Problem requirements: Give the data again exactly as written, without any of its pictures.

══ Input

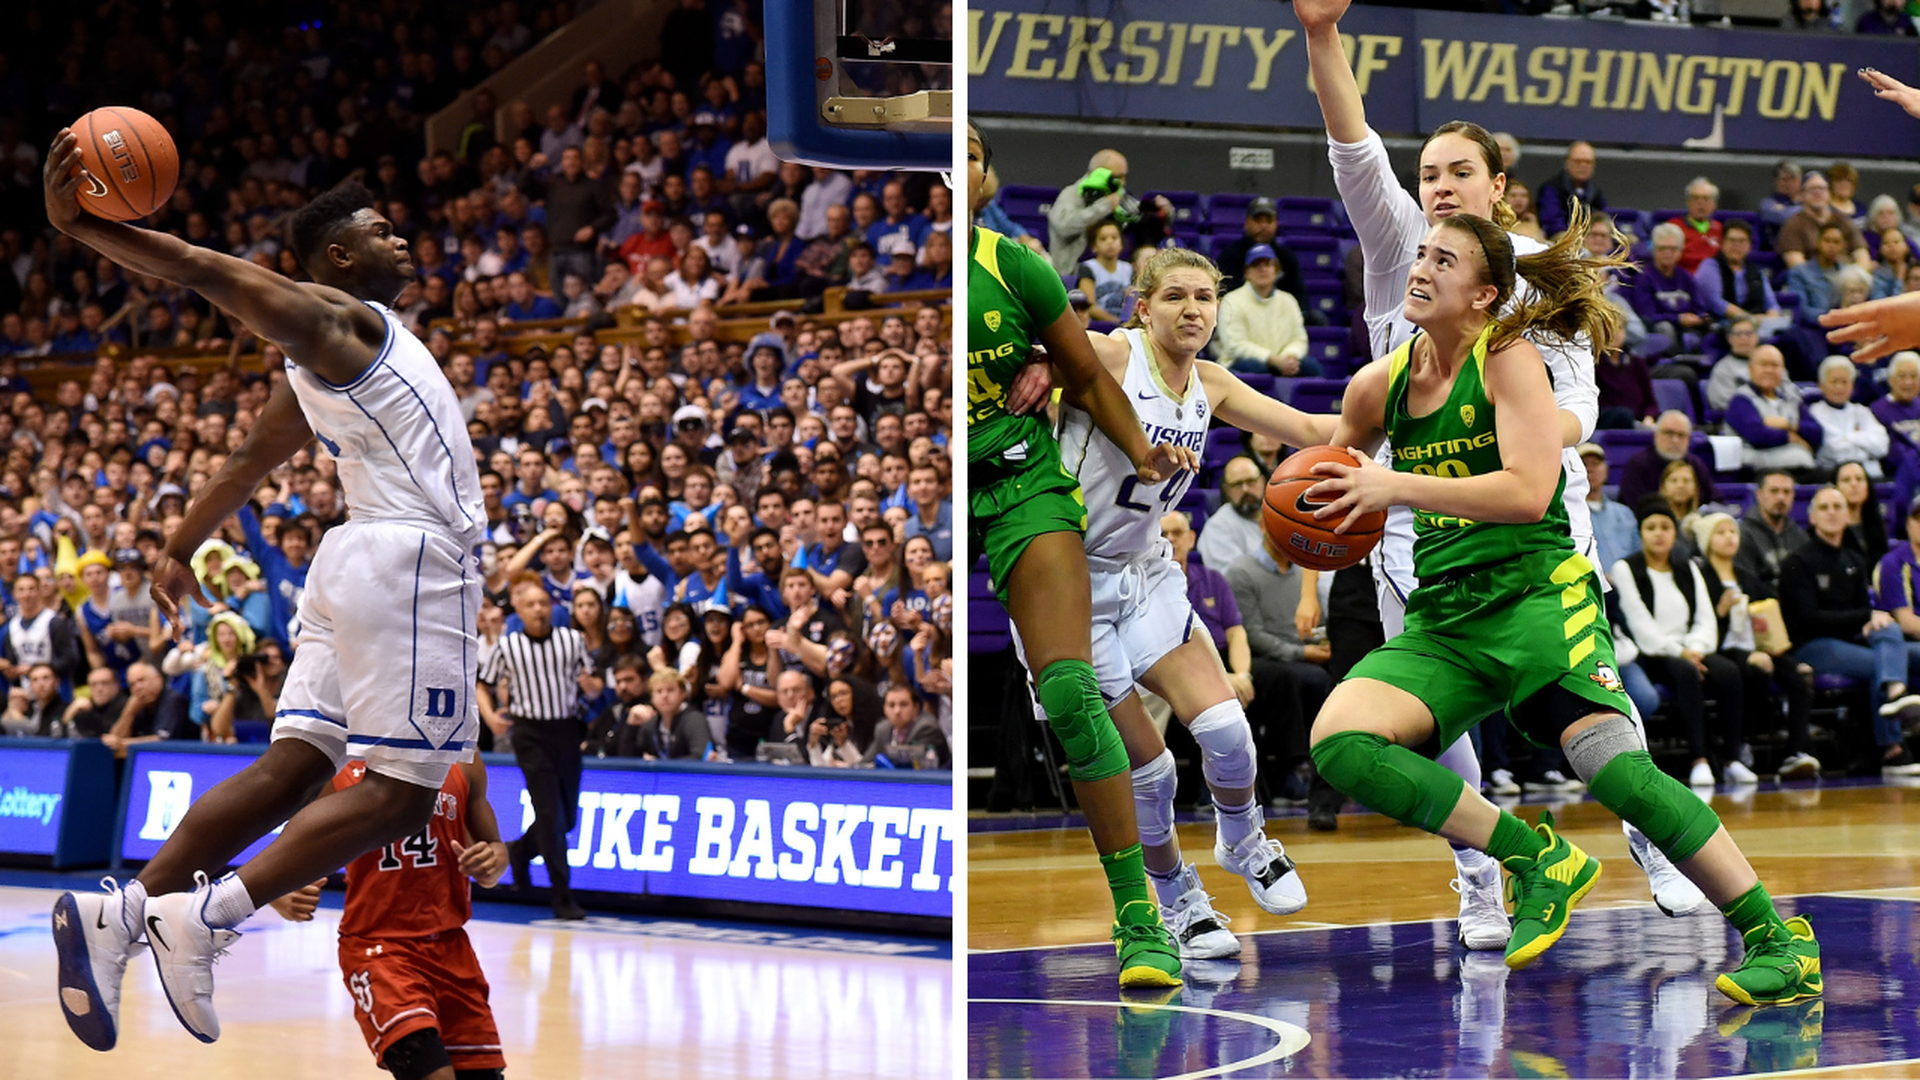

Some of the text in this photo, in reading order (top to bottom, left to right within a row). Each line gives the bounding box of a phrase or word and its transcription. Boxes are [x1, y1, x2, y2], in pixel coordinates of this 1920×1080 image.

[968, 9, 1296, 91] VERSITY
[1421, 38, 1847, 121] WASHINGTON
[102, 130, 139, 184] ELITE
[1289, 532, 1348, 557] ELITE
[424, 686, 456, 718] D
[0, 786, 61, 827] ottery

════

Solution:
Some of the text in this photo, in reading order (top to bottom, left to right within a row). Each line gives the bounding box of a phrase or word and its transcription. Boxes are [x1, y1, x2, y2], in pixel coordinates of this 1920×1080 image.

[968, 9, 1296, 91] VERSITY
[1421, 38, 1847, 121] WASHINGTON
[102, 130, 139, 184] ELITE
[1289, 532, 1348, 557] ELITE
[424, 686, 456, 718] D
[0, 786, 61, 827] ottery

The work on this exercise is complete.